Fruit Salad 4-in-1 tree (4/5 of these varities): 'Gold Dust' Peach, 'Independence' Nectarine, 'July Elberta' Peach, 'Santa Rosa' Plum, 'Blenheim' Apricot
Dave Wilson Nursery (fruit/nut tree supplier to Peaceful Valley Farm & Garden Supply) has taste tested these varieties and finds them delicious. "Reliable producers, yellow freestone peaches, red-purple skinned plum, bright red skinned nectarine with firm yellow freestone, CA's favorite apricot."
Reason: We love all these fruits and don't have room for or need a separate tree for each variety.
Use: Canning, baking, freezing, eating, drying (some).

Low Chill Peach 4-in-1 tree: 'Flordaprince', 'Zaigers May Pride Desert Gold', 'Eva's pride', 'Mid Pride'
They sold me when they said all freestone tree, because there's nothing worse than having to cut a pit out and waste previous fruit.

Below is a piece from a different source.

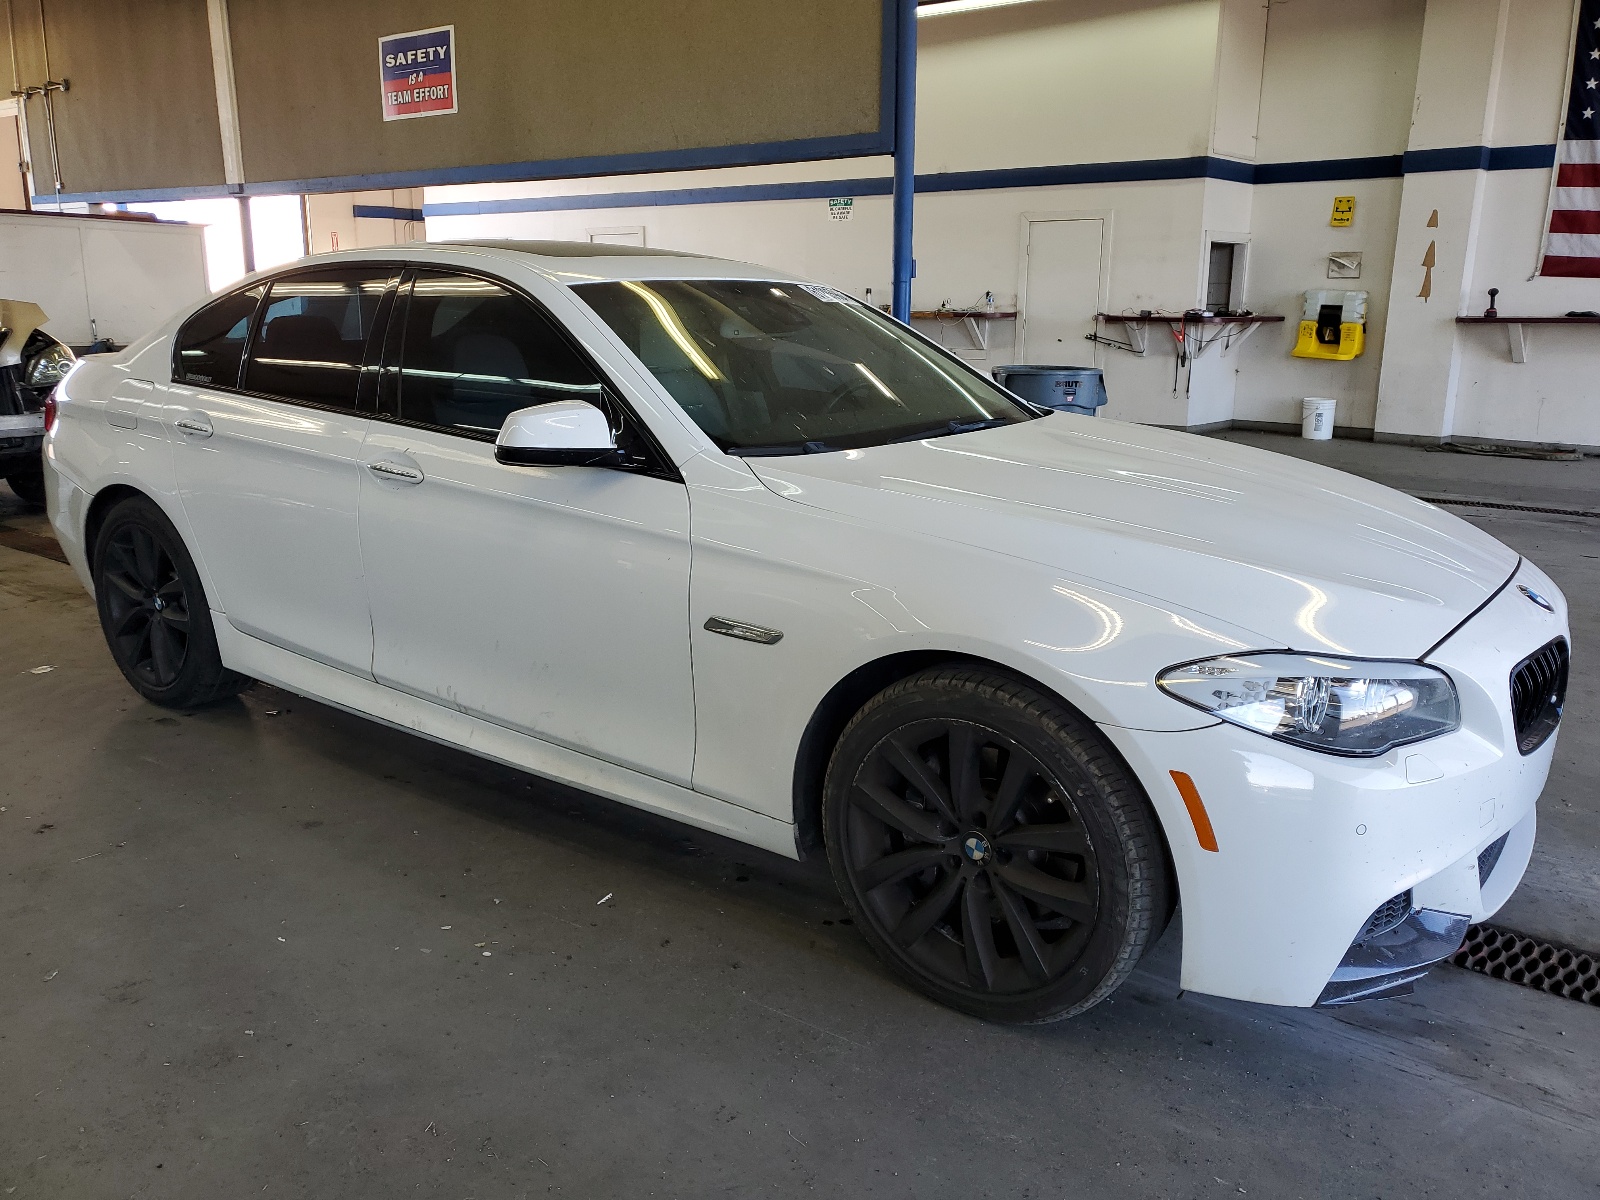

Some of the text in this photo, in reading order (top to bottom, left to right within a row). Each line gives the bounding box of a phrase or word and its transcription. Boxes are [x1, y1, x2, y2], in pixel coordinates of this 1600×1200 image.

[385, 45, 447, 68] SAFETY
[408, 71, 424, 86] IS A
[387, 84, 449, 106] TEAM EFFORT
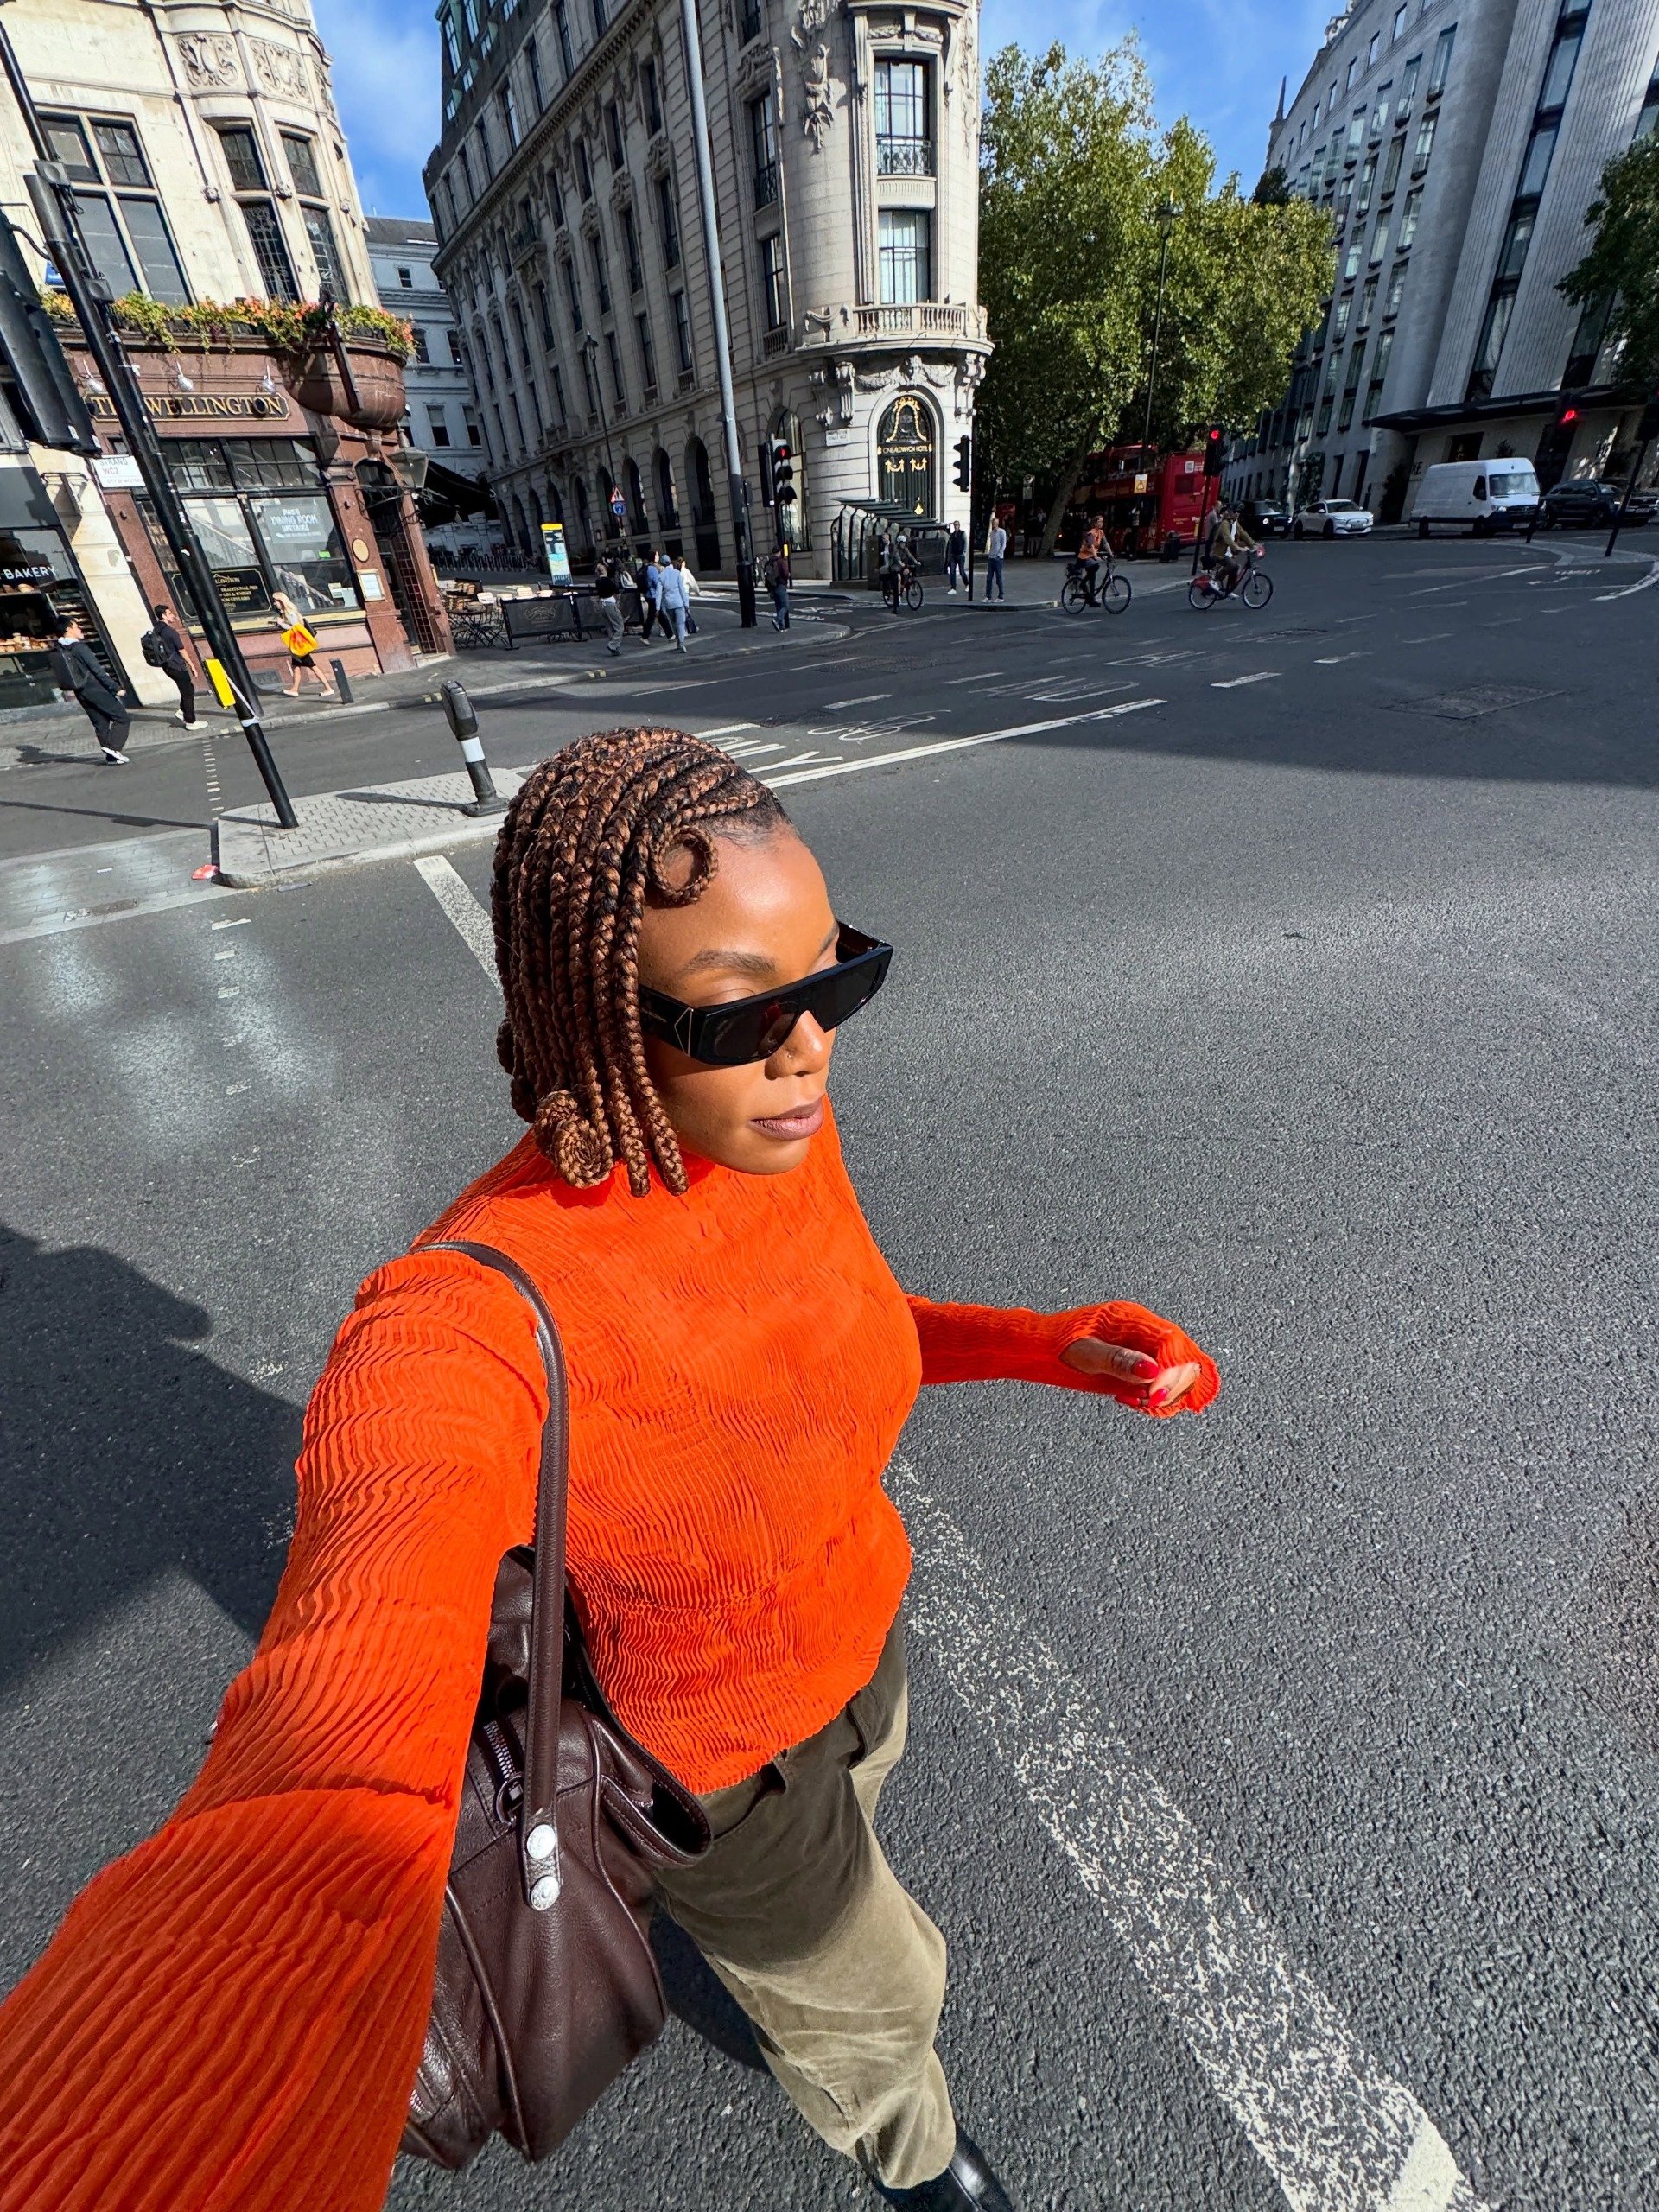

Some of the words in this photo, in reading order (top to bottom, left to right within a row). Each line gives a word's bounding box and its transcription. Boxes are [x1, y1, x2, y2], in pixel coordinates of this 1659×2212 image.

And the taste tests proved excellent.
Reason: One peach on the previous Fruit Salad 4-in-1 tree wasn't enough. Especially given these are entirely different varieties.
Use: Canning, baking, drying, eating.

Constant Apple Harvest 4-in-1 tree: 'Gala', 'Red Delicious', 'Golden Delicious', 'Fuji'
Taste-test approved. Good/common apple varieties.
Reason: We love apples.
Use: Baking, drying, eating.

Strawberry 'Fern' (25 plants)
Strawberry 'Sequoia' (25 plants)
Using CA Master Gardener Reference Book, found that 'Fern' is Day-Neutral (everbearing), meaning they produce fruit and flowers all year long. I liked 'Fern' because I hate obscenely large flavorless strawberries, and prefer petite flavorful varieties. Also freezes well.
'Sequoia' is Short-Day (June bearing) meaning it performs well in the cooler early summer, but stops as soon as temps rise above 75o. Sweetest fruit, with exceptional disease resistance, not widely grown commercially because it doesn't ship well. That means it must be delicious!
Reason: We wanted one of each type: everbearing and June bearing for longest season. 50 seems like a ton of plants though...
Use: How CAN'T you use strawberries?!

Clover 'Berseem' (1 lb.)
Clover 'Red Kenland' (1 lb.)
We ordered some annual cool season cover crops to use for "green matter" in the compost bin. The grass is absolutely infested with weeds, and the daunting overload of "carbon matter" in the form of leaves that is soon to arrive means the compost bin needs some green stuff.

Do you have experience with any of the varieties listed above?

Chris and I are totally spent from doing all this research tonight, so I believe we are going to bed. Goodnight!